Und da ist er wieder, der Advent.
Auch wenn ich mich dem allgemeinen Weihnachtsstress nicht entziehen kann, genieße ich diese Zeit doch sehr.
Aber leider fehlt mir etwas sehr Entscheidendes und es fehlt bereits seit 14 Jahren. Vor 14 Jahren habe ich zum ersten Mal den Advent und Weihnachten ohne meine Oma verbracht. Sie ist zwei Monate vorher mit fast 91 Jahren gestorben und dieses Jahr muss ich besonders oft an sie denken.
Meine Oma war die beste Oma der Welt. Punkt.
Wenn ich bei ihr war, gab es nichts, was mir gefehlt hätte. Sie war die Geduld in Person, sie hat nie geklagt, nie gejammert, nie geschimpft und nie über andere Menschen schlecht geredet. Schon gar nicht über mich.
Sie gab mir stets das Gefühl, etwas Besonderes zu sein, einfach nur, weil ich ich war.
Diese Frau, die 1912 geboren wurde, beide Weltkriege erlebt, einen Bruder an einen der Kriege, zwei ihrer Kinder an die mangelnde medizinische Versorgung der Kriegs- und Nachkriegszeit und ihren Mann schließlich an Krebs verloren hat. Diese Frau, die selbst die letzten 14 Jahre ihres Lebens schwer krank war, hat immer gelächelt, wenn sie mich angesehen hat.

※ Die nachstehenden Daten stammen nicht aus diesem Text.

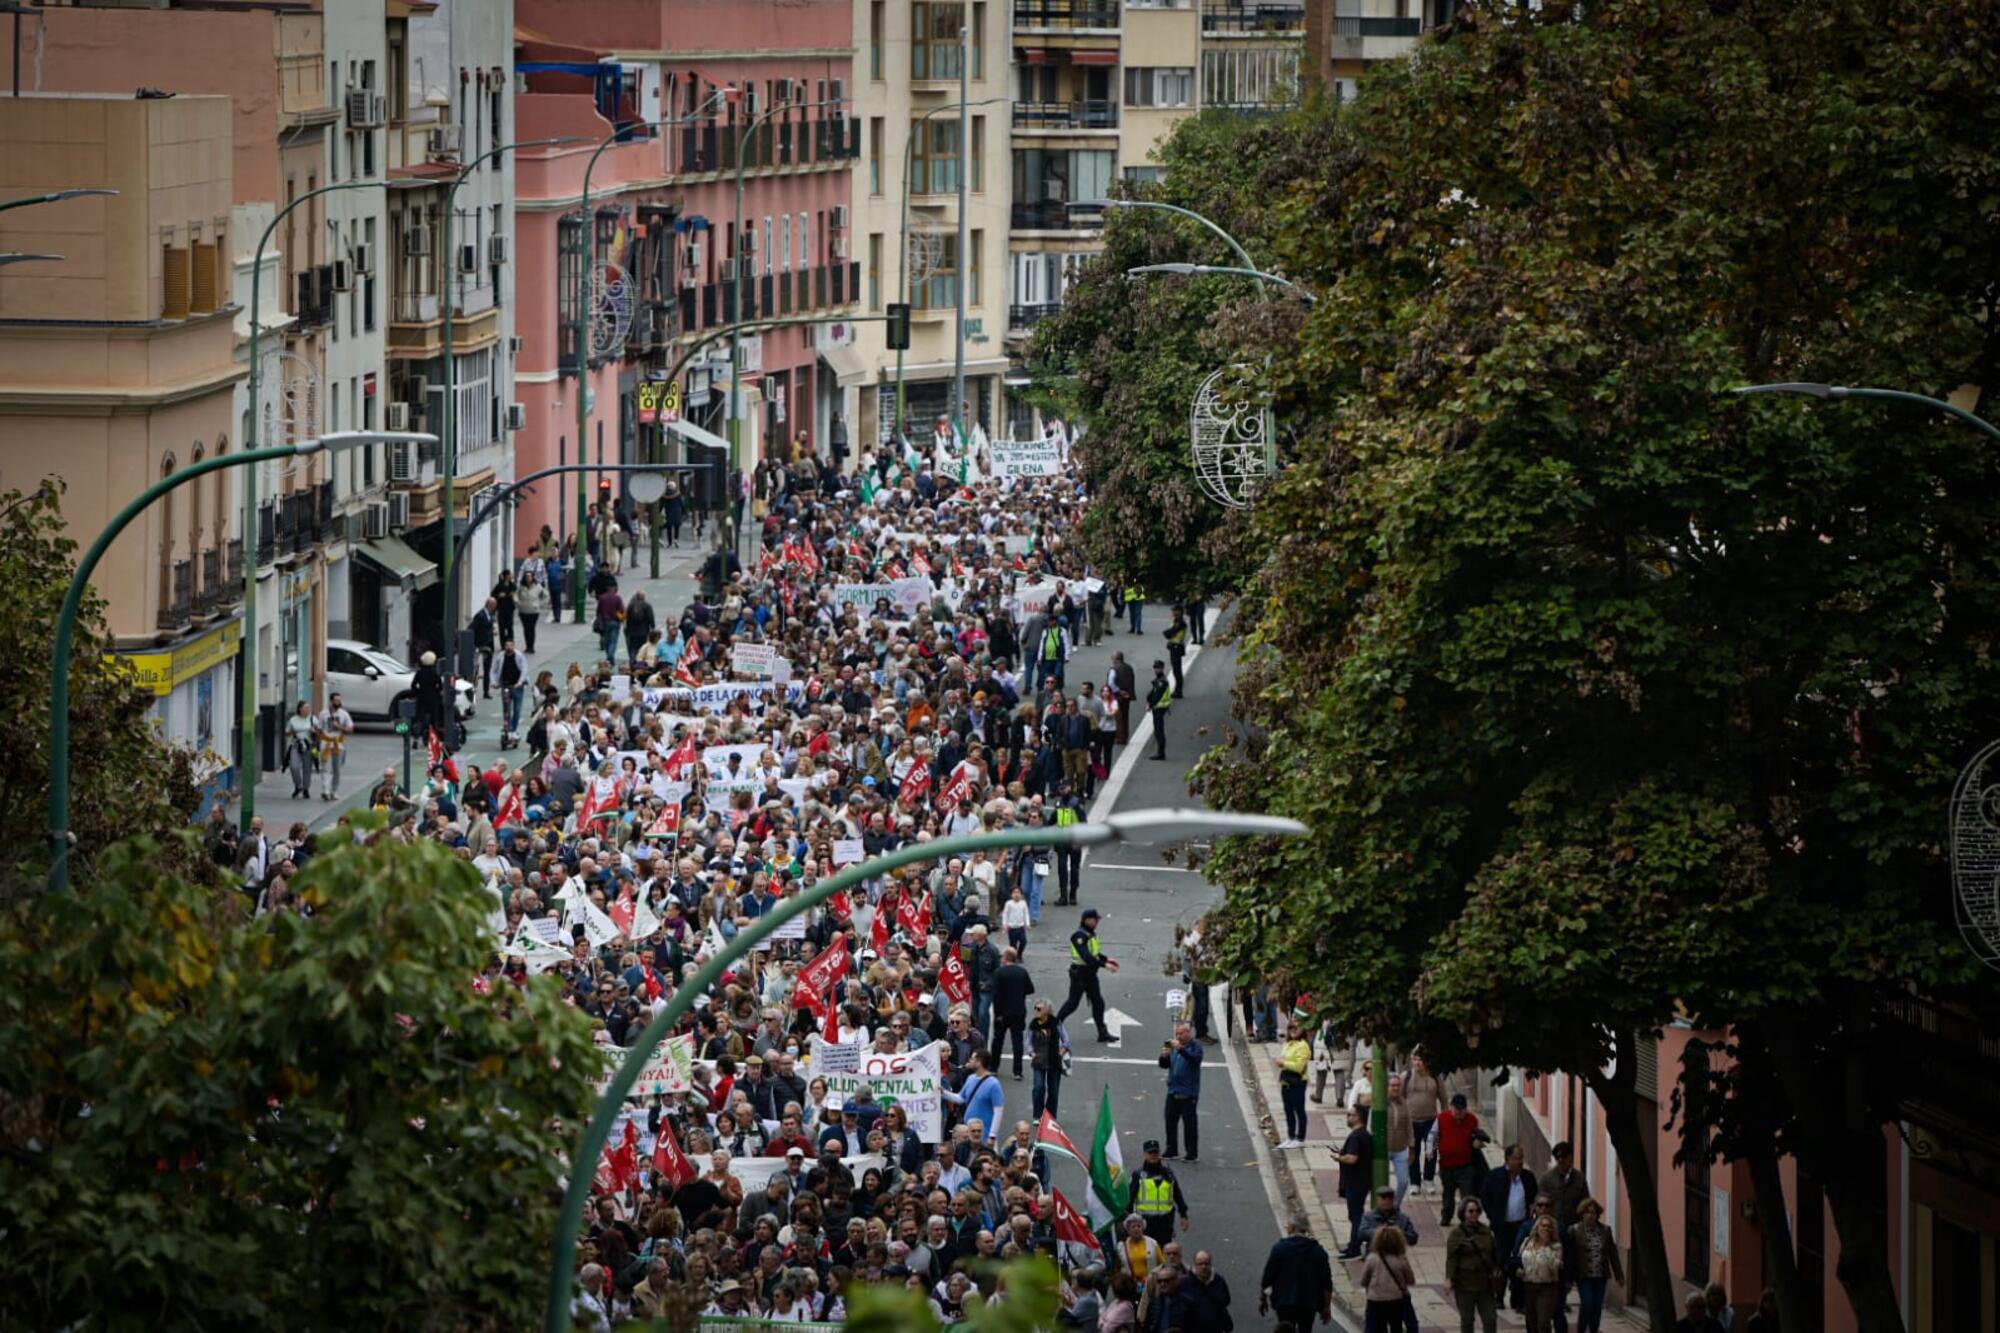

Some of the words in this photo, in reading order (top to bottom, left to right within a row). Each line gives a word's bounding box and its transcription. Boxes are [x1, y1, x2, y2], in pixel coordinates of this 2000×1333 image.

[643, 397, 675, 408] OO
[1006, 464, 1045, 475] GILENA
[700, 690, 713, 702] DE
[715, 689, 730, 701] LA
[868, 1078, 918, 1094] MENTAL
[920, 1078, 935, 1092] YA

In ihrer Nähe fühlte ich mich immer vollständig angenommen.
Mittlerweile ahne ich, dass nicht viele Menschen einem im Laufe eines Lebens ein solches Gefühl vermitteln.
Ich weiß, sie könnte heute gar nicht mehr leben. Sie wäre 105 Jahre alt. Und doch stelle ich es mir gerne vor, wie es wäre, wenn sie nur diesen Advent und diese Weihnachtszeit noch einmal mit uns verbringen könnte.

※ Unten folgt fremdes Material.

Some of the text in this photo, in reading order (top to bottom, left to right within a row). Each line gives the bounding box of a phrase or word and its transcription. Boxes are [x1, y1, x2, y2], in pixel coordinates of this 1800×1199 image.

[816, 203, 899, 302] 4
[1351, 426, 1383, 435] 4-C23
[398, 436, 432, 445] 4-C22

Noch einmal würde ich einen ganzen Nachmittag bei ihr im Wohnzimmer sitzen und wir würden gemeinsam stricken.
Noch einmal würden wir an einem Adventssonntag alle drei „Sissi“-Filme schauen und es würde nach frischem Kuchen und Filterkaffee riechen.

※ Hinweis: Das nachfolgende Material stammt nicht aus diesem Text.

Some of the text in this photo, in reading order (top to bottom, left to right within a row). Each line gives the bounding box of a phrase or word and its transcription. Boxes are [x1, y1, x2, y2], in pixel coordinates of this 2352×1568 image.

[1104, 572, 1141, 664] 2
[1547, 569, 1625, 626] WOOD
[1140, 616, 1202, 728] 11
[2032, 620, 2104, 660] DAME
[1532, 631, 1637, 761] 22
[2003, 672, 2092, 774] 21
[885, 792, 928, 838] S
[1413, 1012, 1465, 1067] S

Noch einmal würden wir nach der Christmette alle gemeinsam Weihnachtslieder singen und mein Bruder und ich würden noch einmal darüber kichern, dass sie kaum einen richtigen Ton mehr trifft.
Noch einmal würde ich ihren Geschichten aus vergangenen Tagen lauschen und den Glanz in ihren Augen sehen, wenn sie von all den Menschen erzählt, die schon so lange nicht mehr da sind.
Und dieses Mal würde ich ihr, bevor sie geht, wirklich sagen, wie viel sie mir bedeutet hat.